This past week has been absolutely crazy. We had to catch
all 22 baboons from their pre-release enclosure and transport them to smaller
interim enclosures around the centre. In between, some needed health checks and
to be fitted for their fancy new radio collars. This might seem like an easy
task, but it is not. In the beginning, some of the friendlier baboons come
eagerly and easily, mostly the juveniles, and Marta and I were able to catch
and move a lot of monkeys quickly. The second half of the week proved more
difficult. The more human-fearful baboons were quickly on to our little game
and didn’t come anywhere near the night rooms. This now involved a lot of
creative trap techniques, early mornings, and extreme amounts of patience, usually
hours, just waiting by the slide in case one baboon came into the night rooms.

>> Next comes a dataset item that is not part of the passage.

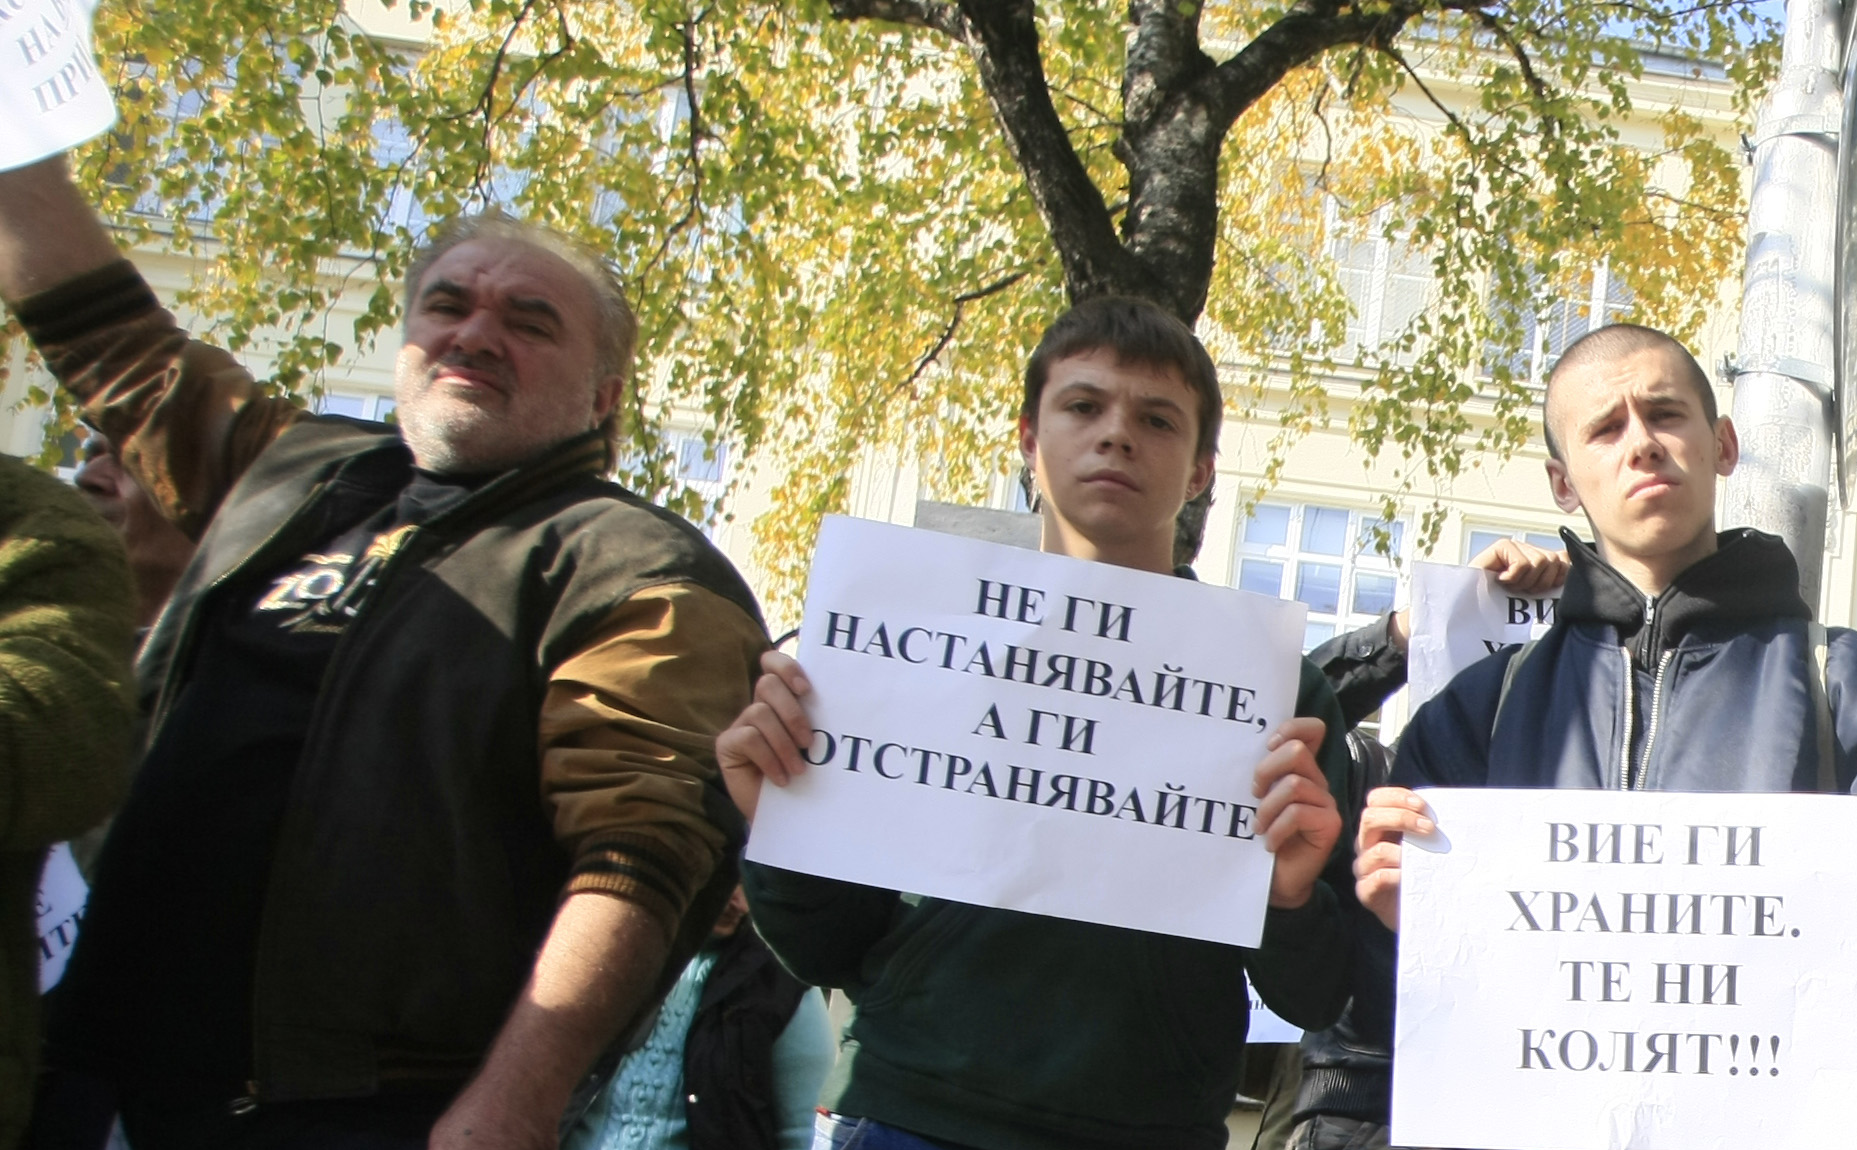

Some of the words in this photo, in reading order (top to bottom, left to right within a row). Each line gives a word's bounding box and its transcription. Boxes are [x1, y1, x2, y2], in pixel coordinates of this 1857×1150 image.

These usually proved fruitless.
Transporting Chip
Sally getting a health check
Finally we were down to Big Foot, one of the two adult
males, who had to be darted. It took three days of trying to get him in a good
position to dart. Interestingly, it happened while I was half in the enclosure
trying to move some food, apparently not-so-sneakily. He saw me and came close,
and provided a good view for a dart shot. And it was perfect. I was so happy we
were able to dart him!! I feel much better going into this with two adult males
rather than just one.
However, during the darting, the remaining four females
jumped over the fence and out of the enclosure. The next three days, (we
postponed the release two days as a result), were spent with Marta and I trying
to catch those four wily baboons. This involved even MORE patient hours spent
sitting in the woods with a rope attached to a door patiently waiting for
baboons to walk inside to get the pile of food that awaited and baited them.
For example, it took 14 hours to catch two of them. 14 straight hours of
sitting and waiting. The baboons would get so close to the door so many times
and my adrenaline would start pumping only to have them turn around and my
hopes were dashed. Over and over. It was quite demoralizing at times, but in
the end we did manage to get them. The last day possible, we caught the third
baboons in the morning. The fourth baboon that was still out and about was the
most elusive and cleverest, Sally. We tried about 6 different types of traps
for her and she wasn’t even the slightest bit interested in any of them. Late
in the afternoon, Jasper, the boss here, devised another plan, which of course
again required sitting patiently in the woods with a rope. Neither Marta nor I
were at all hopeful that this would work. But lo and behold, Sally walked right
into the trap. I was all over the rope system by now and we got that damn
baboon. 6 pm the day before the release. It was a miracle. It is the first time
the release is going ahead with all the monkeys caught!
Today is the big release day. It was all hands on board
today as we re-caught all the baboons from their temporary enclosures and put
them into their transport boxes. Once they were settled, we had a ten-ton truck
come and we loaded all the baboons in boxes onto it. Now they are patiently
waiting on that truck.
We are all set to leave the centre here at 1 am (as I
write this it’s 11pm and I’m so tired), so that we drive through the night and
first thing in the morning we can put the baboons in to their pre-release
enclosure at the release site in Kasungu National Park, my new home. From there
they remain in that enclosure for just a few days before we open their doors
for good! And then my real job starts of trying to get them to survive in the
wild and record everything. So for now, it’s been an incredible, and definitely
at times boring and frustrating, week, but now it’s on to the incredible task
of re-releasing rehabilitated baboons back into their natural habitat. Wish us
all luck!
Internet in the bush is limited, and I will be working from
dawn to dusk, but I will try and make time to write on her when I can.